* What is needed: When you transcribe the lines below, keep every word the same and leave the pictures behind.

Collected data entries
━━━━━━━━━━━━━━━━

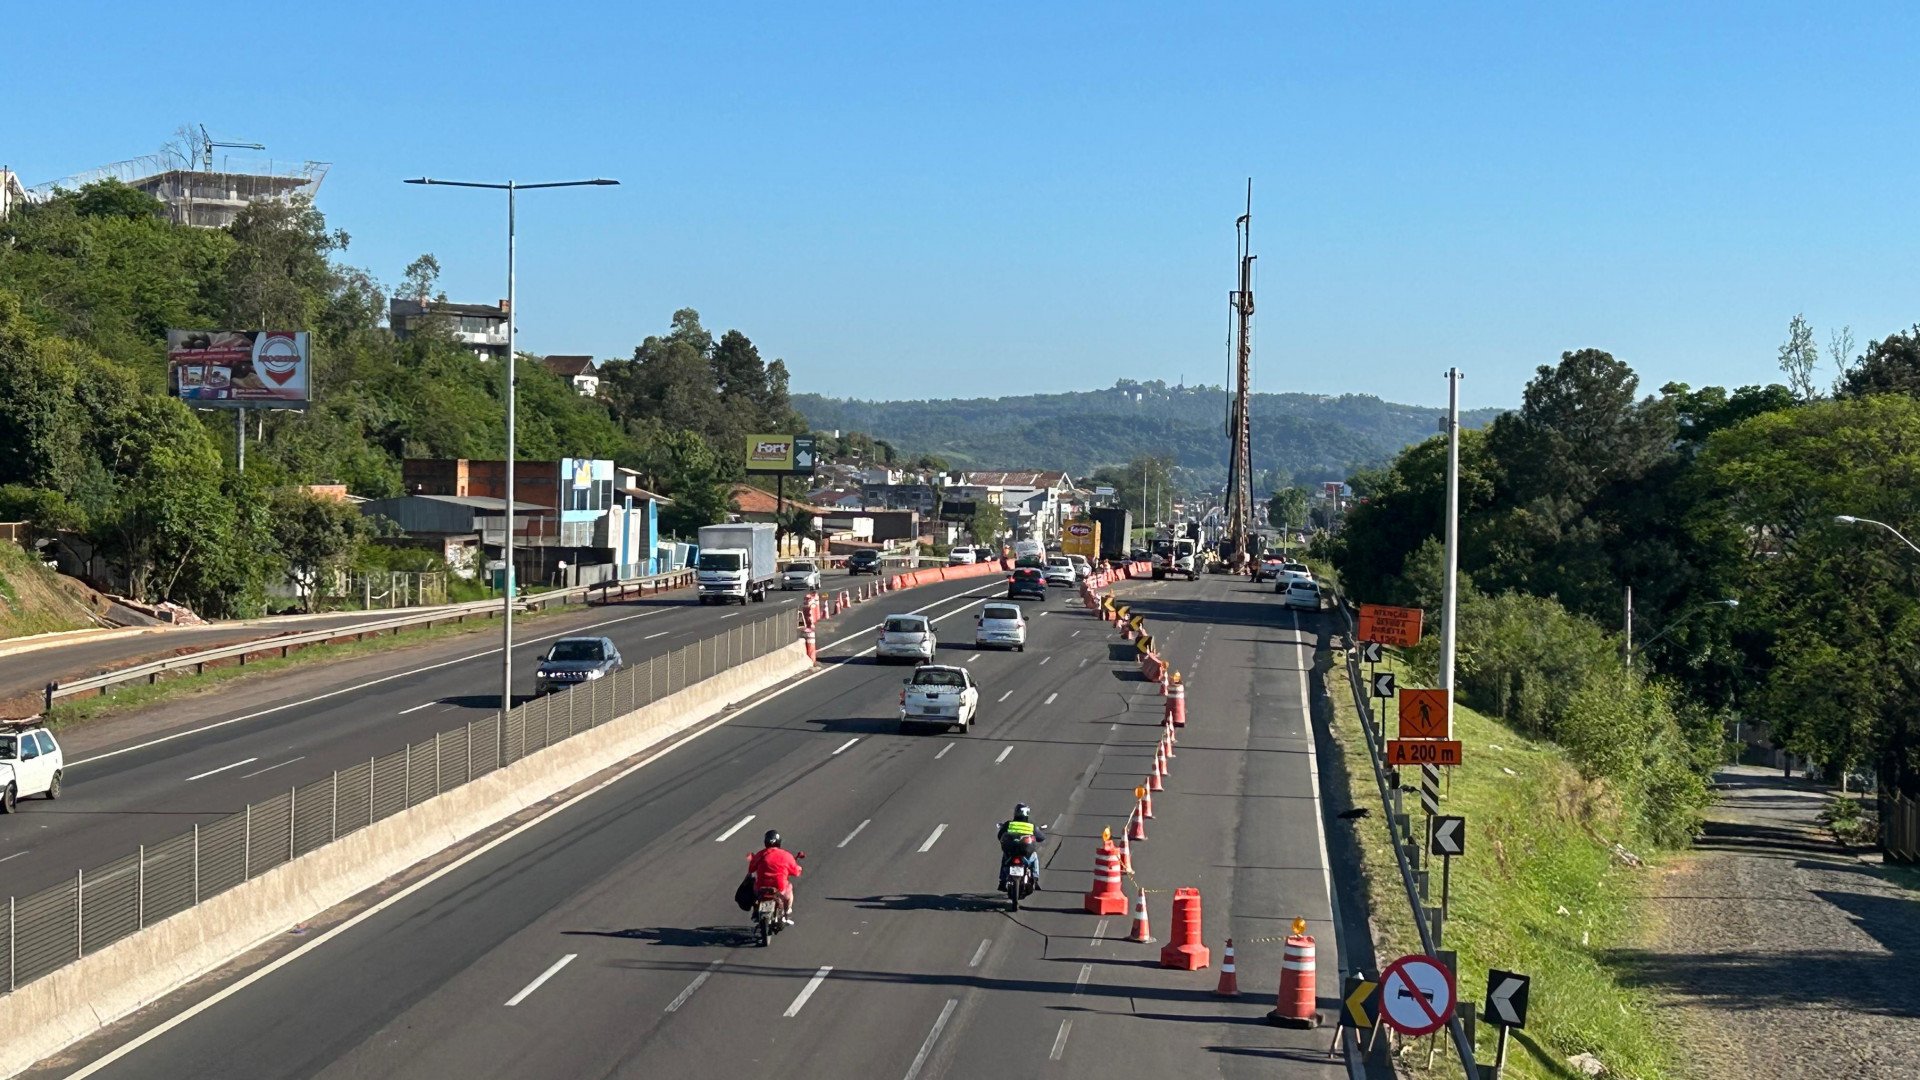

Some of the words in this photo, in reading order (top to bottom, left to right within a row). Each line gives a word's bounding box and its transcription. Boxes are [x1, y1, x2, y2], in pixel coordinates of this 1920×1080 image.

[757, 442, 786, 453] Fort
[1396, 744, 1406, 761] A
[1410, 744, 1436, 761] 200
[1441, 749, 1453, 761] m

━━━━━━━━━━━━━━━━

* Your solution:
Some of the words in this photo, in reading order (top to bottom, left to right within a row). Each line gives a word's bounding box and its transcription. Boxes are [x1, y1, x2, y2], in pixel coordinates of this 1920×1080 image.

[757, 442, 786, 453] Fort
[1396, 744, 1406, 761] A
[1410, 744, 1436, 761] 200
[1441, 749, 1453, 761] m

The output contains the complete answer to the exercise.